Rear-Admiral Sir John Chicheley (c. 1640 – 20 March 1691) was a Royal Navy officer. He commanded a squadron at the Battle of Schooneveld in June 1673 and the Battle of Texel in August 1673 during the Franco-Dutch War. He went on to be Commissioner of the Ordnance and then Senior Naval Lord.

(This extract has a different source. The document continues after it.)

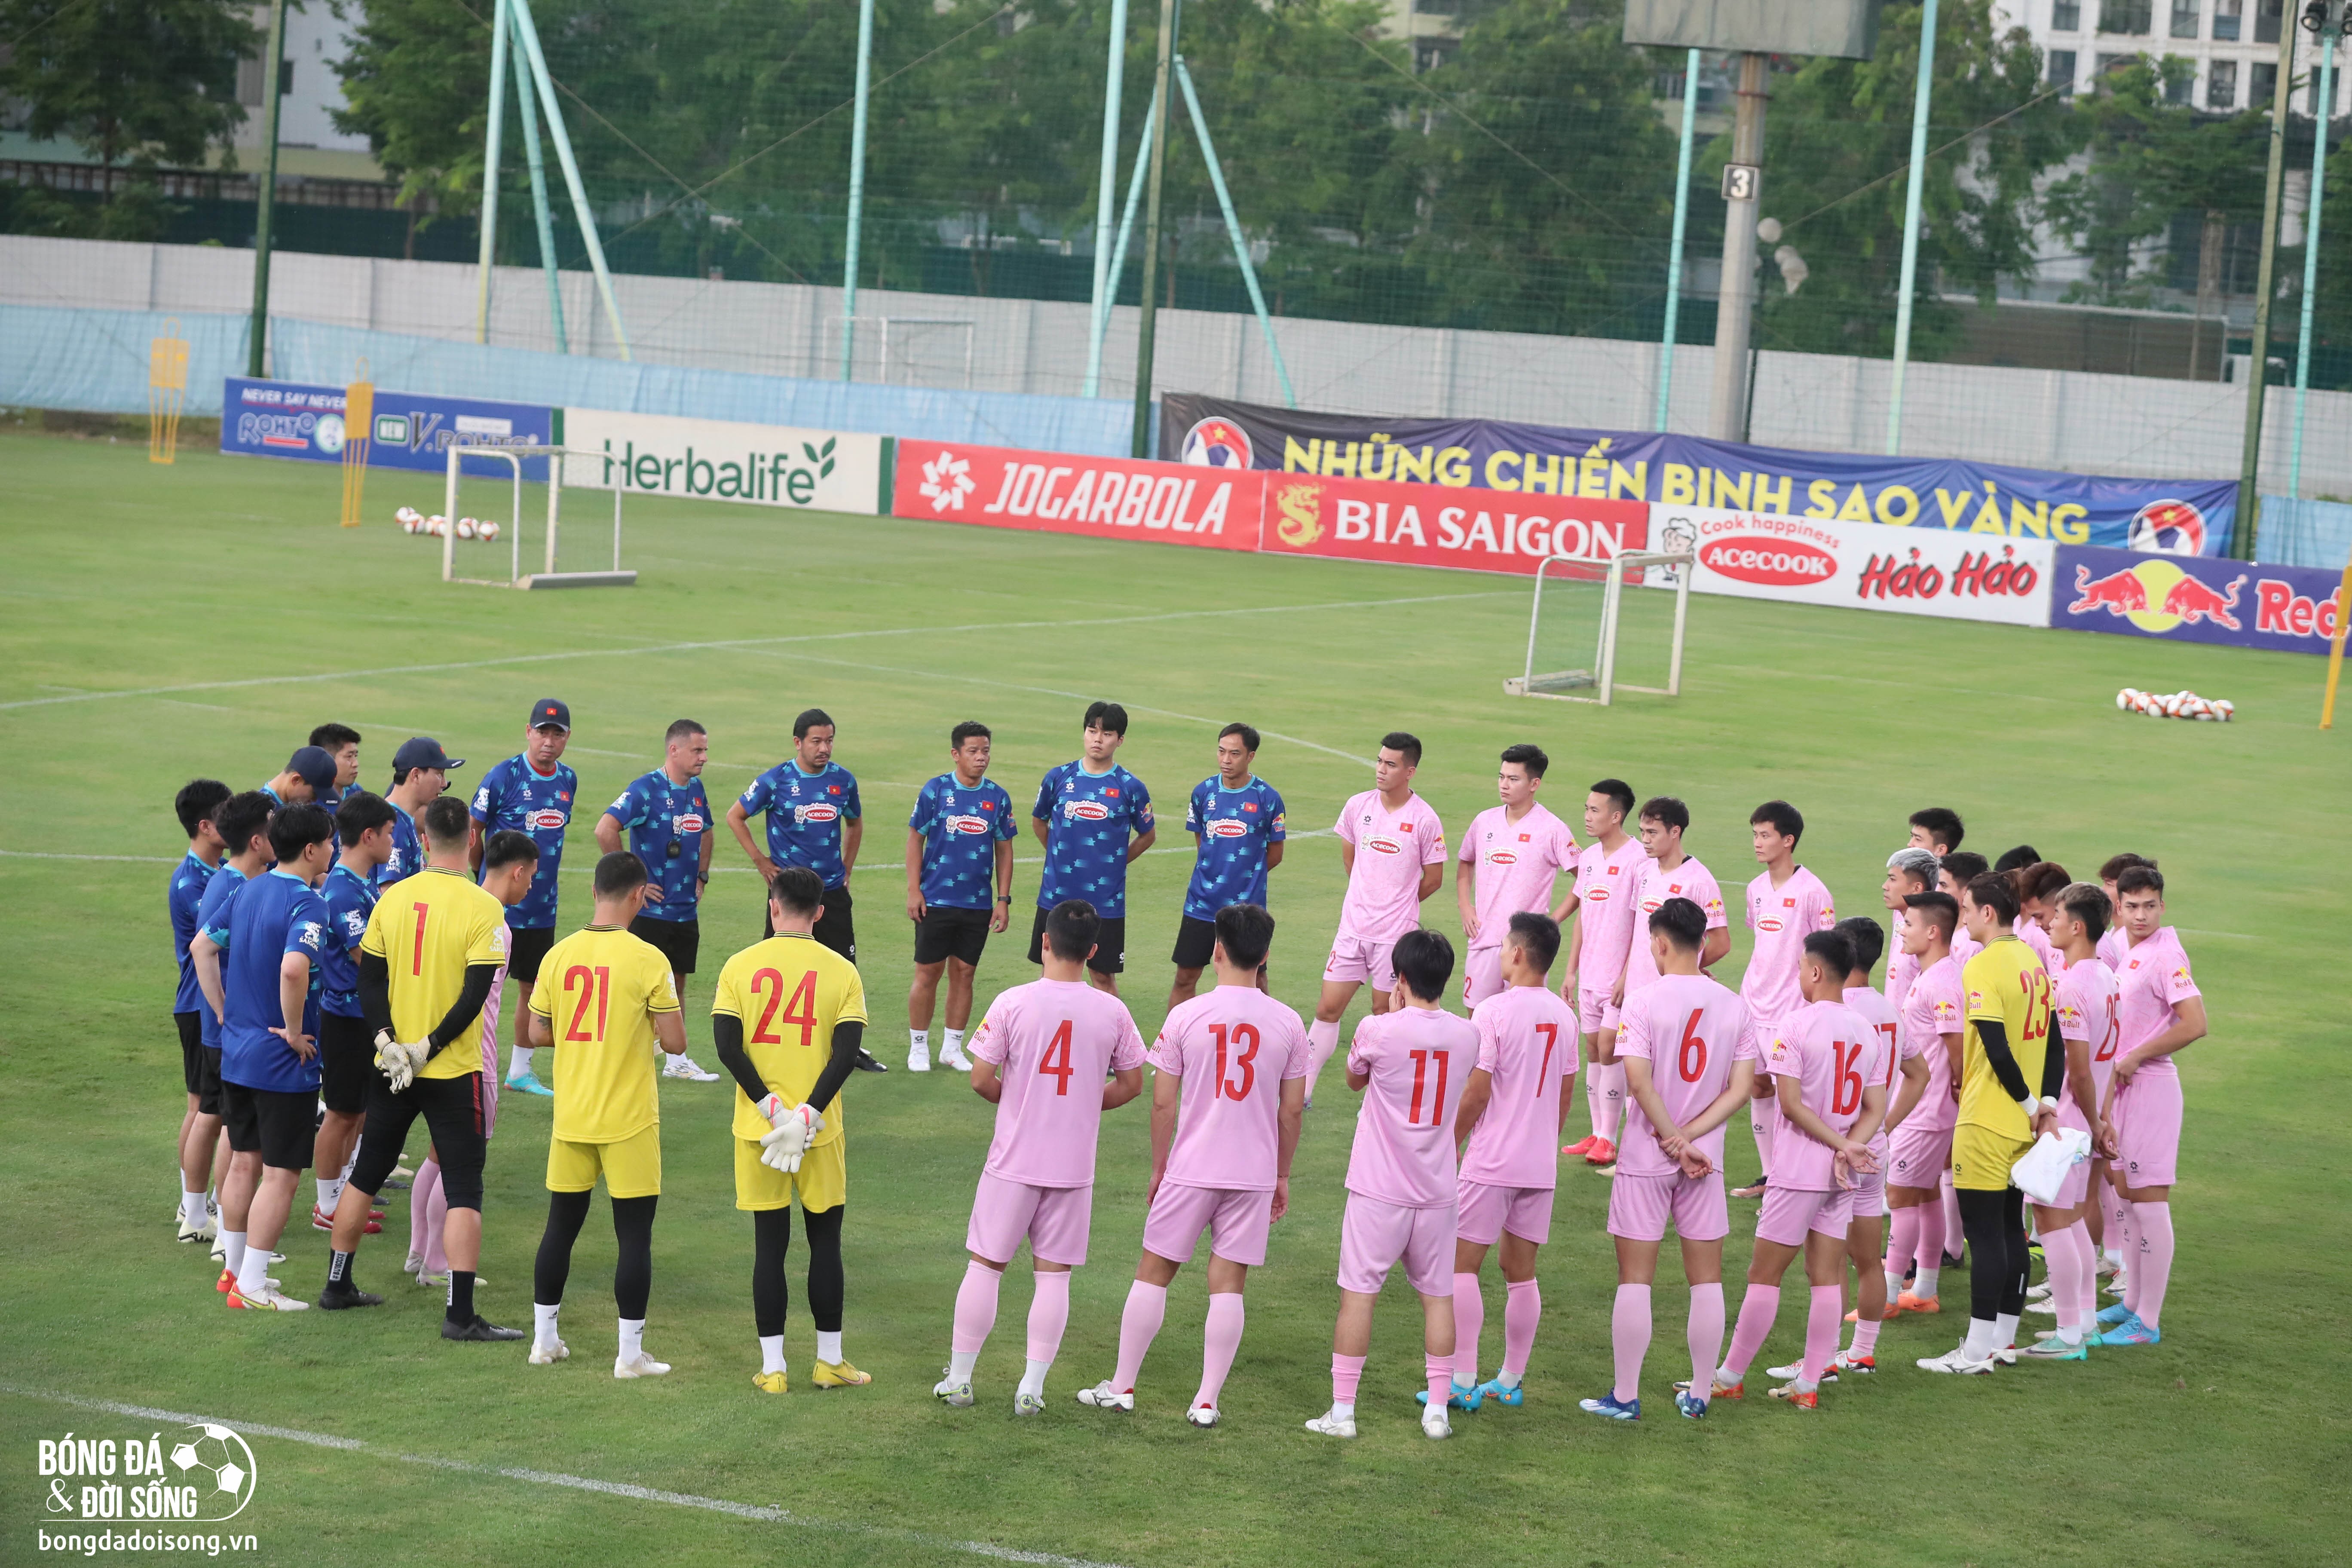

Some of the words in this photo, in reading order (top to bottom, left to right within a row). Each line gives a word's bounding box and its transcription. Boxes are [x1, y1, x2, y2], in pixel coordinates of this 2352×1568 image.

He was also a Member of Parliament.

==Naval career==
Born the second son of Thomas Chicheley of Wimpole, Chicheley entered the Inner Temple to study the law in 1657. Promoted to lieutenant in 1662 and to post-captain in 1663, he took command of the sixth-rate HMS Milford in August 1664, of the fourth-rate HMS Bristol in September 1664 and of the fourth-rate HMS Phoenix in December 1664. He went on to command the fourth-rate HMS Antelope in October 1665, the third-rate HMS Fairfax in July 1666 and the third-rate HMS Rupert in August 1668. He served as an envoy to the Spanish Netherlands in 1670 and then took command of the third-rate HMS Dreadnought in 1671.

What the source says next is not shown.